As you can see, both sentences perform the same meaning, but the first sentence includes a lot of fillers, unnecessary sounds, and even the loss of the idea and weakening the communication process.
2- Replace the padding with commas
Feel free to use dividers and recesses in place of padding. Being silent for several seconds while speaking makes your idea stronger, and gives the listener more time to understand what you are saying.
3- Use your words smartly
Use what is known as conversational threading, that is, the branching out of the conversation, for every sentence you say, can branch into side topics that contribute to the continuation of the dialogue and the achievement of effective communication. To better understand this idea, take a look at the following sentence:
“I live in the capital, but I have always wanted to move to the suburbs, because I love nature and I don’t like being in crowded areas.”
This sentence can be divided into many other topics, as you can, for example:
_ Talk about your view of living in the suburbs.
_ Talk about how much you love and enjoy nature.
_ Talk about being an antisocial person who prefers calm and stillness.

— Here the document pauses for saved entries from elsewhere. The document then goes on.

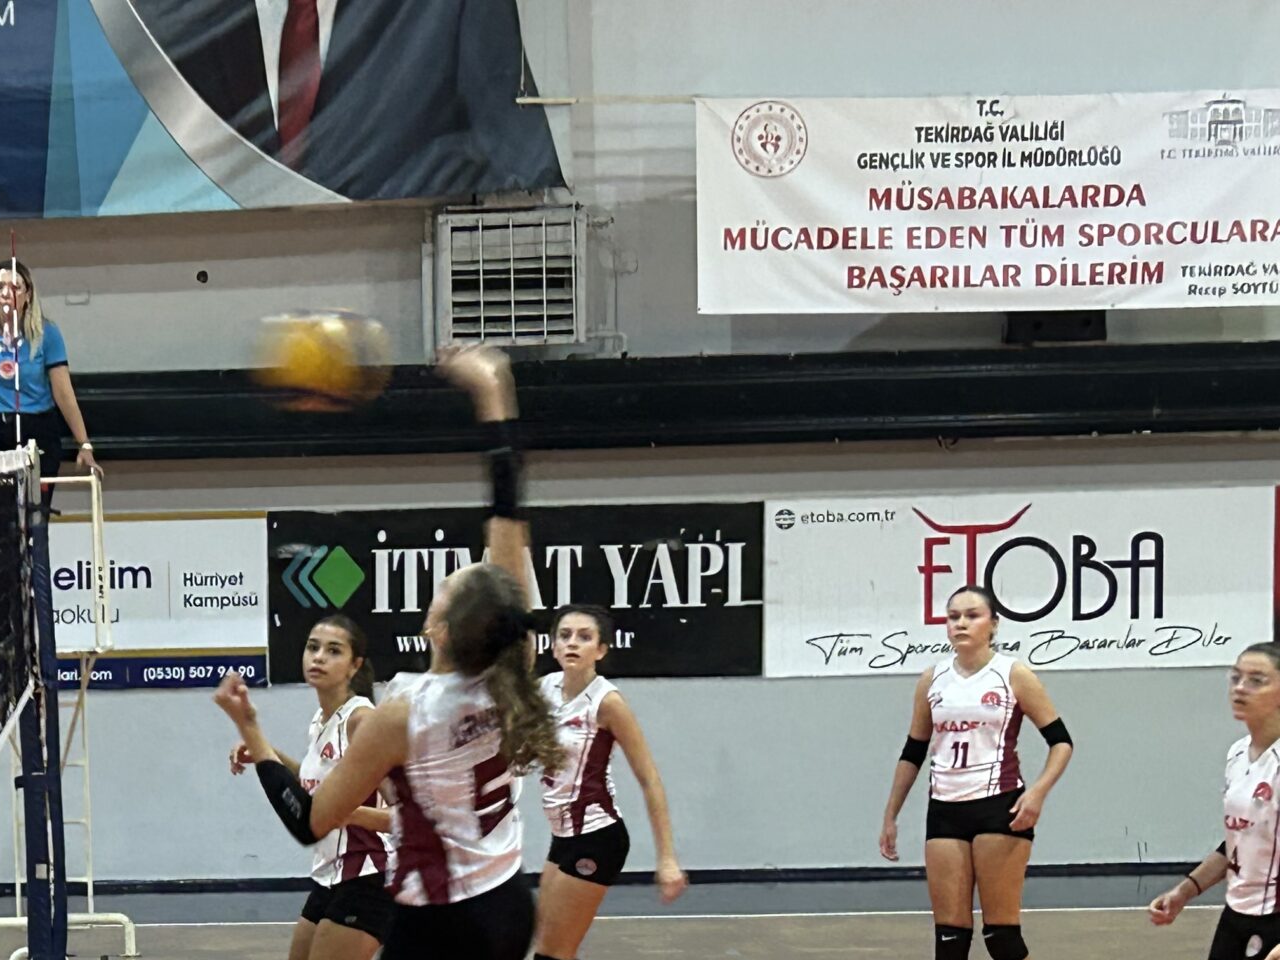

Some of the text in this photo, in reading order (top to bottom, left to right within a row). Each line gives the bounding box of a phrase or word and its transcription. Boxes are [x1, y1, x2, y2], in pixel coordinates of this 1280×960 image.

[915, 120, 1065, 143] TEKİRDAĞ VALİLİĞİ
[857, 148, 925, 172] GENÇLİK
[929, 152, 951, 168] VE
[955, 152, 998, 168] SPOR
[1020, 145, 1121, 168] MÜDÜRLÜĞÜ
[868, 180, 1147, 211] MÜSABAKALARDA
[723, 219, 894, 251] MÜCADELE
[906, 225, 987, 249] EDEN
[1000, 217, 1065, 248] TÜM
[846, 254, 1164, 296] BAŞARILAR DİLERİM
[53, 559, 152, 591] eliim
[911, 503, 1165, 626] ETOBA
[183, 572, 244, 589] Hürriyet
[183, 591, 259, 610] Kampüsü
[143, 666, 185, 683] (0530)
[189, 665, 214, 679] 507
[238, 665, 255, 678] 90
[951, 741, 969, 769] 11
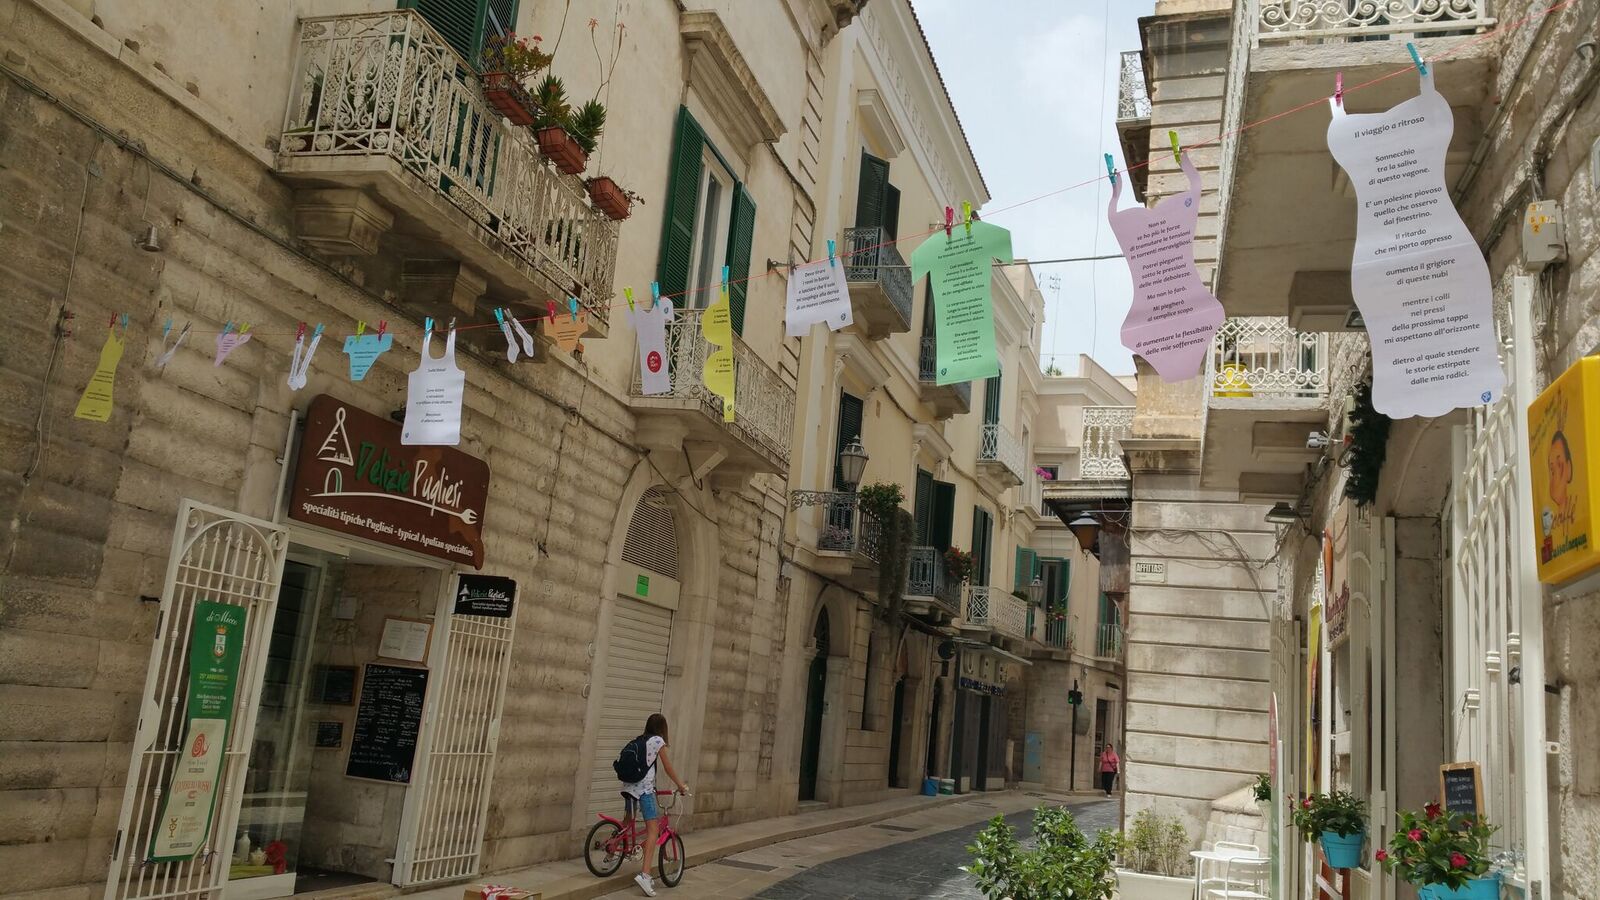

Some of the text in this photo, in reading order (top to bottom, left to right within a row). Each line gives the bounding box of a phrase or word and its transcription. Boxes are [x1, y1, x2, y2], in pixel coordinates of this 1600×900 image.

[1361, 124, 1390, 137] viaggio
[1398, 116, 1425, 128] ritroso
[1375, 148, 1415, 162] Sonnecchio
[1377, 165, 1388, 173] tra
[1397, 158, 1418, 168] saliva
[1368, 168, 1430, 186] di questo vagone.
[1384, 192, 1413, 208] polesine
[1414, 186, 1442, 199] piovoso
[1373, 198, 1438, 218] quello che osservo
[1148, 221, 1159, 229] Non
[1383, 212, 1432, 226] dal finestrino.
[1166, 224, 1180, 234] forze
[1402, 228, 1427, 238] ritardo
[1135, 238, 1162, 250] tramutare
[1169, 230, 1191, 240] tensioni
[1399, 241, 1418, 254] porto
[1420, 234, 1452, 247] appresso
[1136, 249, 1156, 259] torrenti
[1142, 255, 1183, 270] Potrei piegarmi
[1162, 263, 1186, 275] pressioni
[1385, 257, 1456, 276] aumenta il grigiore
[1139, 281, 1152, 289] delle
[1405, 273, 1430, 285] queste
[1432, 270, 1448, 279] nubi
[1160, 299, 1185, 311] piegherò
[1402, 298, 1430, 307] mentre
[1435, 293, 1450, 301] colli
[1153, 310, 1176, 321] semplice
[1176, 307, 1194, 317] scopo
[1424, 306, 1445, 317] pressi
[1392, 314, 1469, 332] della prossima tappa
[1143, 333, 1174, 346] aumentare
[1182, 324, 1213, 338] flessibilità
[1395, 330, 1432, 344] aspettano
[1434, 322, 1480, 336] all'orizzonte
[1145, 337, 1205, 356] delle mie sofferenze.
[1392, 356, 1415, 365] dietro
[1425, 352, 1445, 362] quale
[1447, 345, 1480, 356] stendere
[1414, 364, 1435, 373] storie
[1437, 359, 1471, 372] estirpate
[1410, 377, 1429, 385] dalle
[1446, 370, 1469, 379] radici.
[355, 441, 464, 516] Delizie Pugliesi
[302, 502, 340, 520] specialità
[340, 511, 366, 527] tipiche
[366, 518, 394, 534] Pugliesi
[398, 528, 420, 543] typical
[420, 534, 444, 549] Apulian

Always think of sentences that allow you to branch out to talk about side topics, allowing the continuation of the communication process and thus making it more effective.

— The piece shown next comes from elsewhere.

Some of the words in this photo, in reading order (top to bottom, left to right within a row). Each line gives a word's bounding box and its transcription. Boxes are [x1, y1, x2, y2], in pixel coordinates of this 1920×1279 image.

4- Avoid entering a job interview position
And this means continuing to ask questions, without giving the person the opportunity to ask you questions as well, in this case you are asking for information from the other party without sharing any details about you. The matter may be the other way around, so you will content yourself with answering your interlocutor’s questions without bothering to ask him questions, so you do not allow him to talk about himself. Always make sure to allow others to express themselves, and every time you answer someone’s question, you also initiate a question about him so that the dialogue is balanced between the two parties, and to ensure effective communication.
5- Use affirmative sentences instead of asking questions
While it is true that asking questions may be the easiest way to communicate, using affirmative sentences leads to better quality communication. You can tell someone, for example:
“You seem to me to be a positive person, I think there are a lot of points we have in common.”
The person in front of you may reply with several answers that lead to the development of the dialogue, he may say one of the following:
_ “You’re wrong, I am a very negative person, and I often have bad and frustrated thoughts.”
_ “You’re wrong, but what made you think I was a positive person?”
_ “You are absolutely right, I love positivity and optimism, and I strive to spread it around me as well. How did you know that I am?”
Note that the various previous answers have become an introduction to a deeper and longer dialogue with this person, whereas if you had asked a question instead, you might have had one short answer that ended the conversation at once.
6- Be a good listener
Where you can develop this skill by focusing on the person talking, and removing all distractions such as the phone or computer while talking to others. Reinforce your well-being by using appropriate body language, such as looking into the eyes of the speaker and shaking your head to show him that you understand what he is saying and sympathize with his feelings.